2/ FERC20 daily fluctuation data

  • On June 1st, the second day after the launch, we observed peak values for various metrics. A total of 13,519 addresses participated in the minting process, initiating 106,310 minting transactions. During this period, 116 FERC20 tokens were minted.

  • However, following the peak on June 1st, the activity experienced a significant decline. On June 5th, only 180 unique addresses participated throughout the day, generating a total of 1,804 minting transactions.

  • It's noteworthy that on the peak day, the number of minting addresses, minting transactions, and deployed tokens accounted for 90%, 76%, and 63% of the respective totals.

3/ About $FERC

  • $FERC is the first token deployed based on Fair ERC20.

  • Since June 1st, the price of $FERC has surged from $0.1 to the current value of $1.15, representing a more than 10x increase.

  • Currently, liquidity for $FERC is provided on Uni, with the Total Value Locked (TVL) in the main pool reaching nearly $900,000.

  • Both June 1st and June 5th witnessed substantial trading volumes for $FERC, surpassing $10 million.
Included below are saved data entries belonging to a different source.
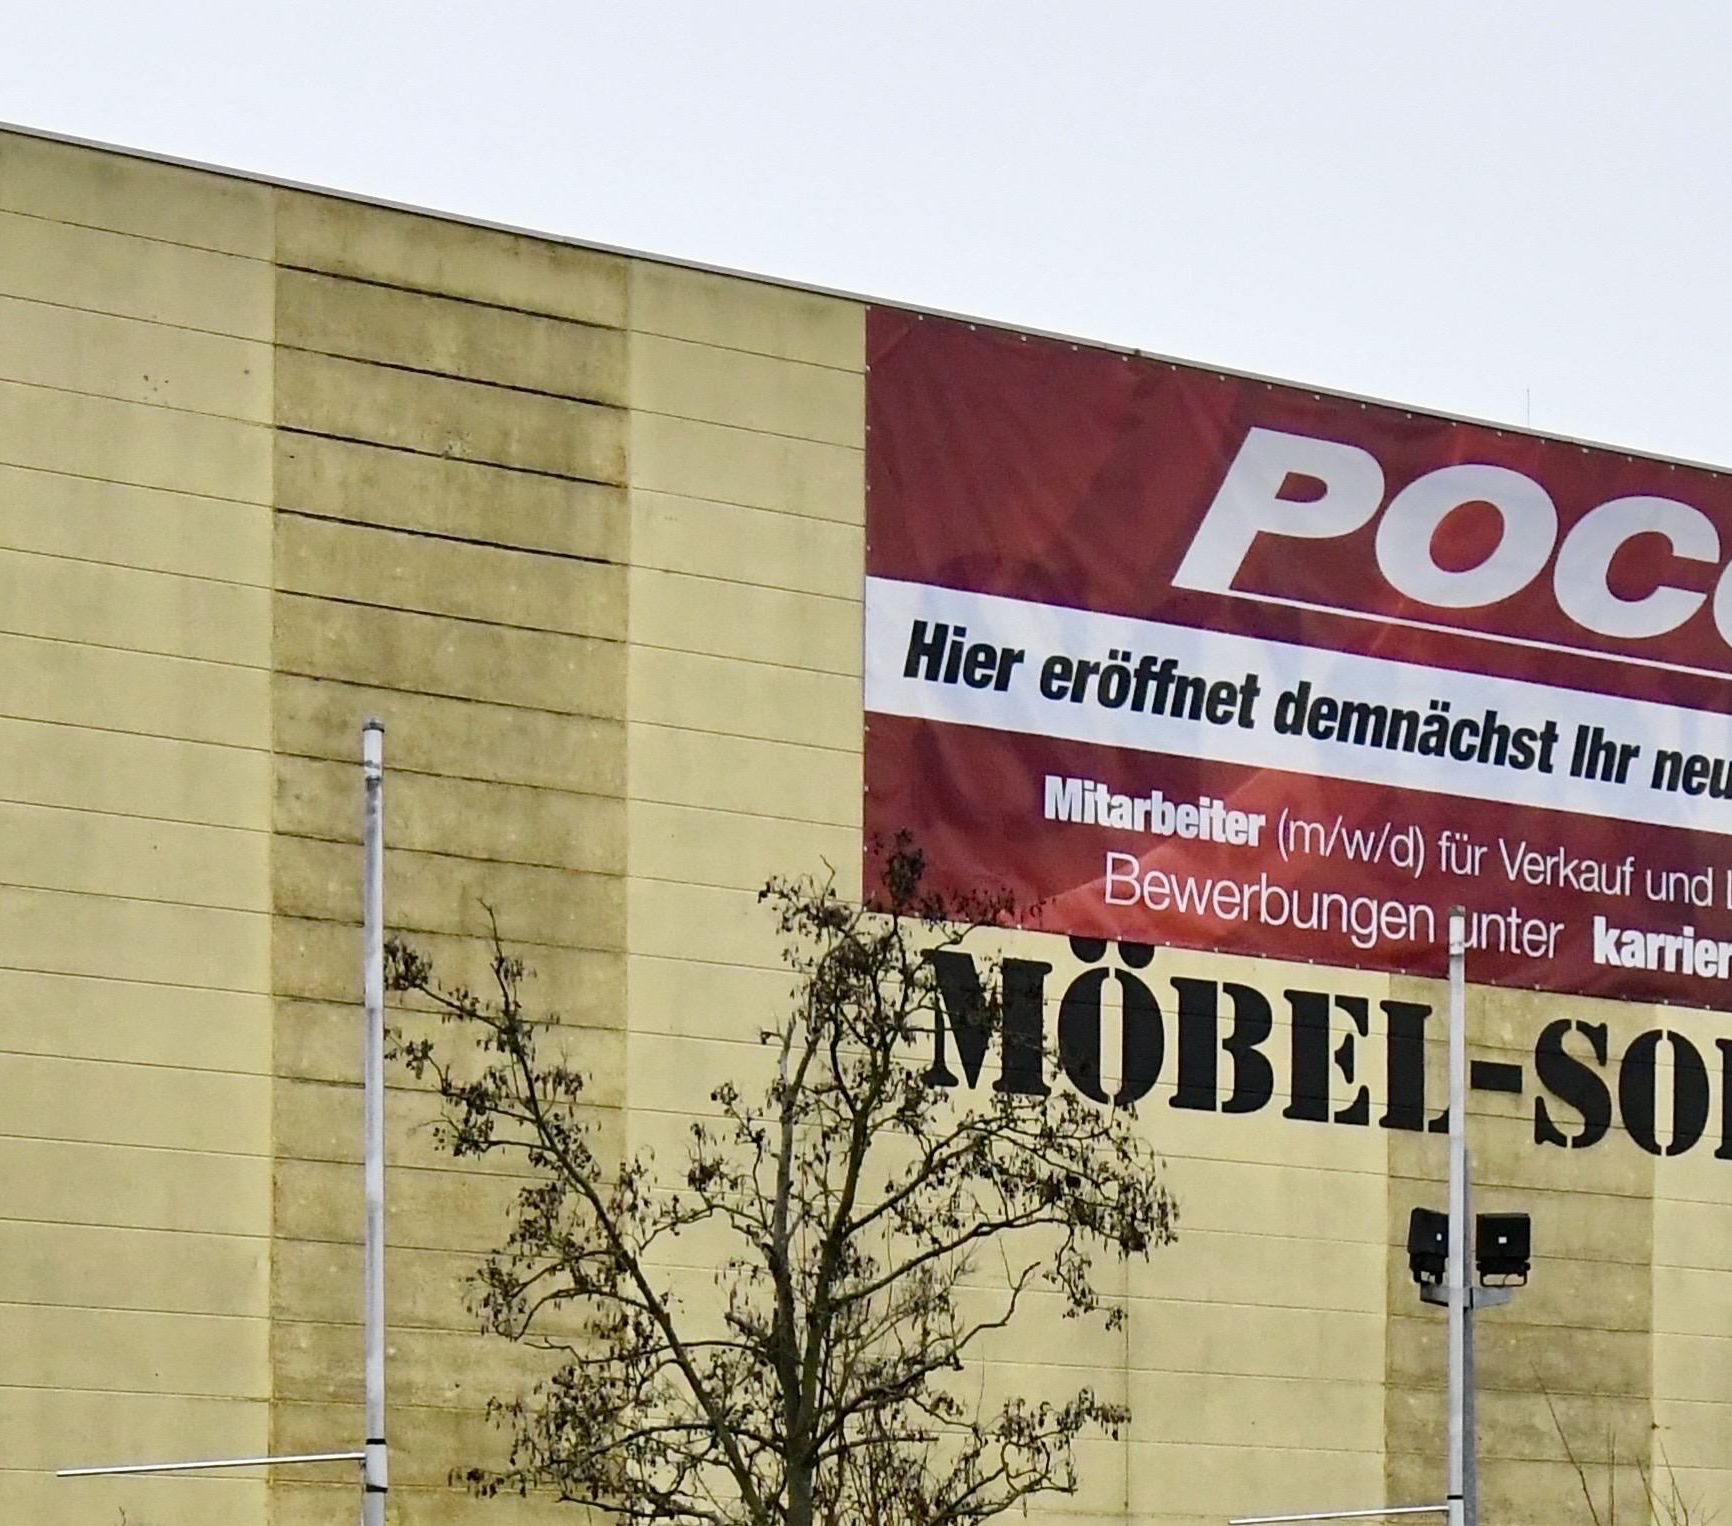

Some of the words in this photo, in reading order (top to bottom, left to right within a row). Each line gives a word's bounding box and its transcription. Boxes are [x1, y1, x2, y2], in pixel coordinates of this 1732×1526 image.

[903, 620, 1024, 692] Hier
[1040, 649, 1261, 729] eröffnet
[1273, 681, 1558, 774] demnächst
[1570, 725, 1640, 783] Ihr
[1045, 775, 1266, 847] Mitarbeiter
[1277, 808, 1425, 878] (m/w/d)
[1438, 829, 1488, 876] für
[1498, 838, 1635, 895] Verkauf
[1646, 868, 1713, 906] und
[1105, 852, 1434, 946] Bewerbungen
June 1st recorded the highest trading volume, nearing $18 million.

  • On June 1st, there was a peak in trading addresses and transaction volume, with over 4,000 addresses and 14,000 transactions. However, trading activity significantly decreased afterwards, with daily trading addresses not exceeding 2,000, and transaction counts fluctuating between 2,500 and 5,000.
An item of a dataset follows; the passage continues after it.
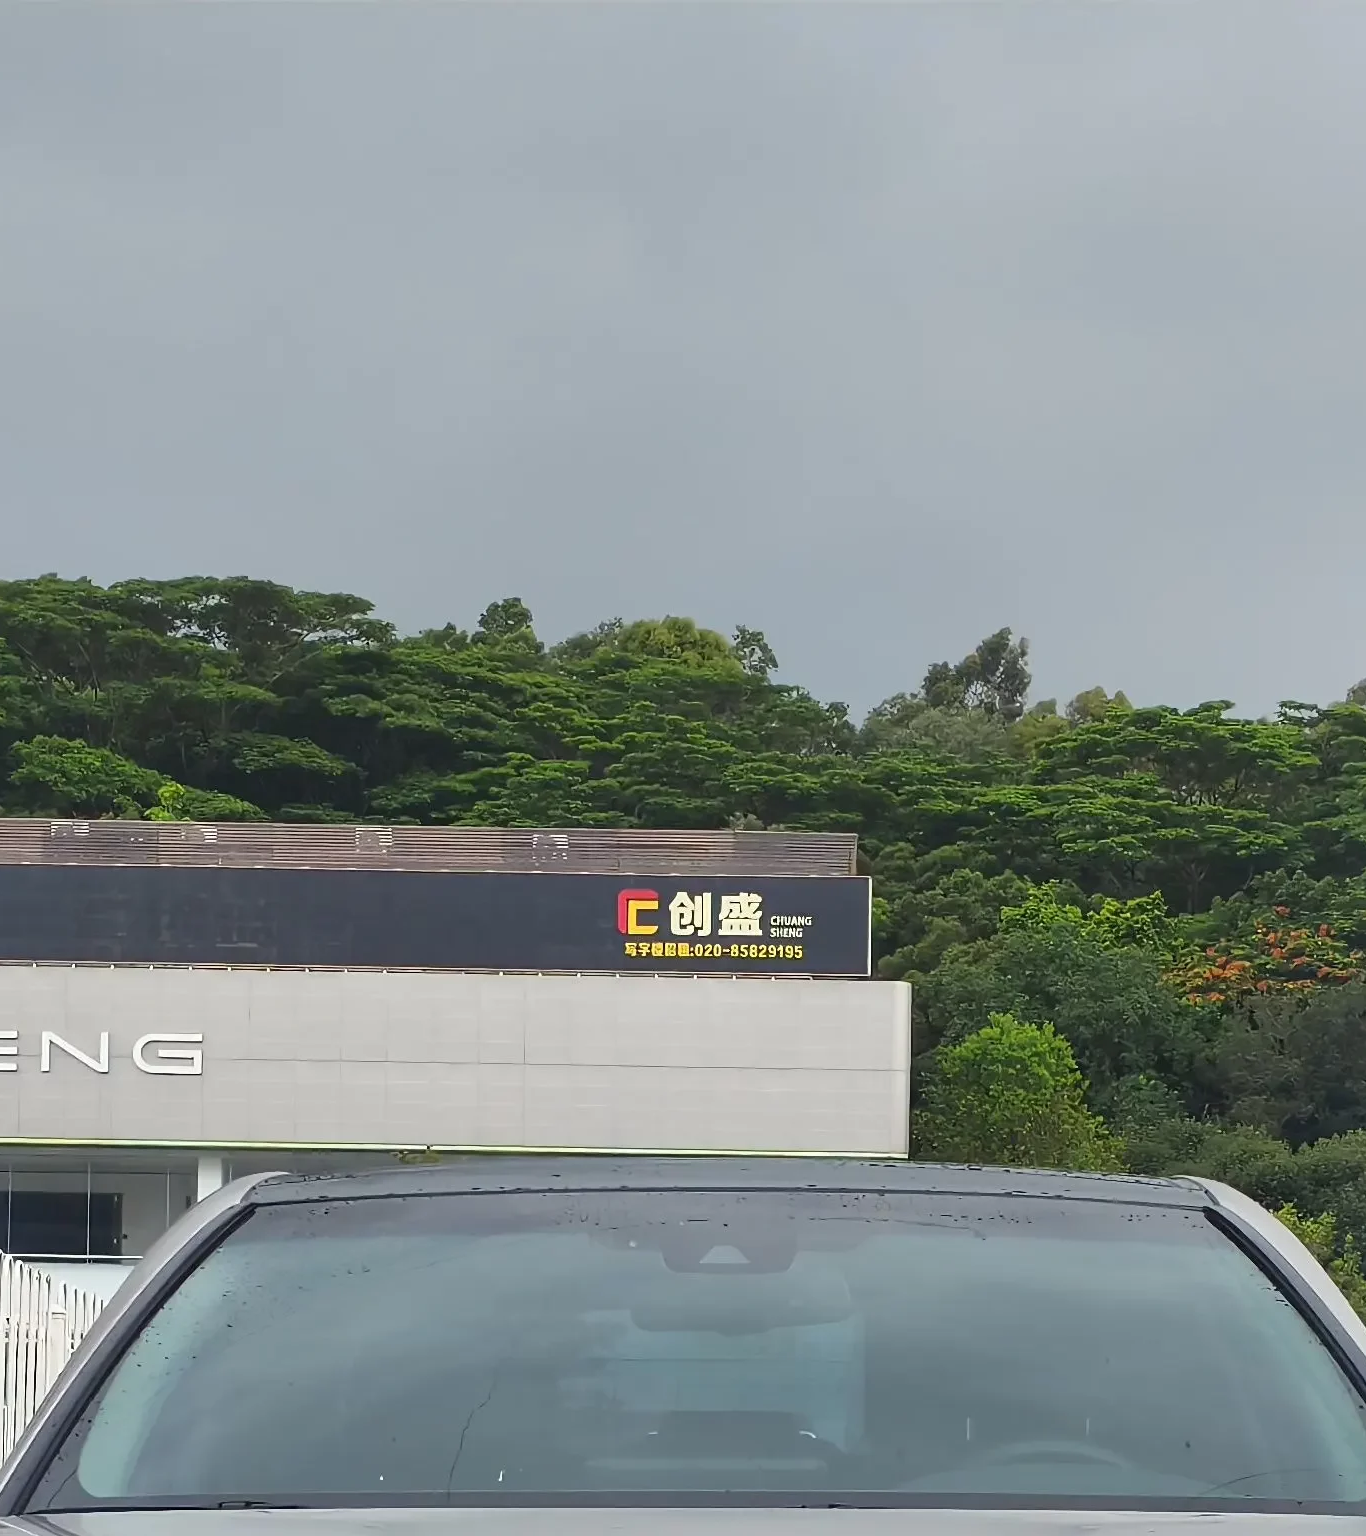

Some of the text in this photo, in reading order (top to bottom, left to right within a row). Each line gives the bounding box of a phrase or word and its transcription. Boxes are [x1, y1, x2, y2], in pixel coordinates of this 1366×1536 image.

[668, 891, 763, 937] 创盛
[769, 915, 812, 927] CHUANG
[769, 927, 803, 938] SHENG
4/ About the minting of $FERC

  • Among the top 15 addresses with the highest minted tokens, 13 addresses have completely sold out their holdings, while the remaining two addresses have sold 95% and 50% of their tokens, respectively.
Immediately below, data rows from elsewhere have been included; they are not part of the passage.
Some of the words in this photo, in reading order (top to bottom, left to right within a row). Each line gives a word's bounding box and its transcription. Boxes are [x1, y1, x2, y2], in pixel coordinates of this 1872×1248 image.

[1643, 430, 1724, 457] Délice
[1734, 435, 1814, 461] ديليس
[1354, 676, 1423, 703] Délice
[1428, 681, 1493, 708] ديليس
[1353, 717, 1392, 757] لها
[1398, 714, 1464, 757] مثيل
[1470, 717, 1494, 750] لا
  • The top 2 addresses with the highest minted tokens have minted a total of 4.18% and 2.2% of the overall token supply. Additionally, there are over 100 addresses that have minted more than 0.1% of the supply (minting more than ten times).

5/ Addresses with Profits

  • The top 10 profitable addresses have earned over $500,000 each, with the highest address making $5.52 million in profit.

  • Interestingly, these addresses currently hold relatively few FERC tokens, suggesting their intent to exit the market and cash in on their profits.

6/ All FERC20 trading statistics

  • On June 1st, the total trading volume of all FERC20 tokens was $33.64 million, with $ferc accounting for nearly half of the total volume. However, from June 2nd to June 5th, $ferc captured nearly 80% of the trading volume, while other FERC20 tokens gradually weakened.

  • In terms of trading addresses, the addresses trading $ferc accounted for around 70% of all FERC20 trading addresses. However, on June 4th, this percentage dropped to around 50%.

  • In terms of transaction counts, the number of transactions involving $ferc accounted for approximately 60% of all FERC20 transaction counts. Similarly, on June 4th, this proportion significantly decreased to below 40%.

7/ Based on the data, FERC20 token trading activity peaked on the second day post-launch, declining notably thereafter. Participation addresses and deployed FERC20 tokens were limited, with speculative trading of $ferc dominating the majority of funds.

🚄 Bullet News

DeFi

  • According to the analysis by 0xScope, Multichain's ZKsync Era and KAVA cross-chain bridge have restored functionality. Previously, the KAVA USDC, which had become de-pegged and reached 0.5 USD, is now re-pegged. Currently, there has been no official response from Multichain regarding this matter.

GameFi

  • Illuvium has completed a $10 million funding round, with full participation from Framework Ventures. The new funding will be used to accelerate game development and support their distributed contributor team. Tokens involved in this funding transaction will be locked up for two years, excluded from staking, and therefore will not participate in profit distribution.

  • Pancake has officially launched its GameFi project Pancake Protectors, supported by the PvP GameFi protocol Mobox. The game ecosystem will exclusively use the CAKE token as its currency. Currently, the first season of the reward program is underway, with a total of 10,000 CAKE rewards to be distributed to players by June 12th.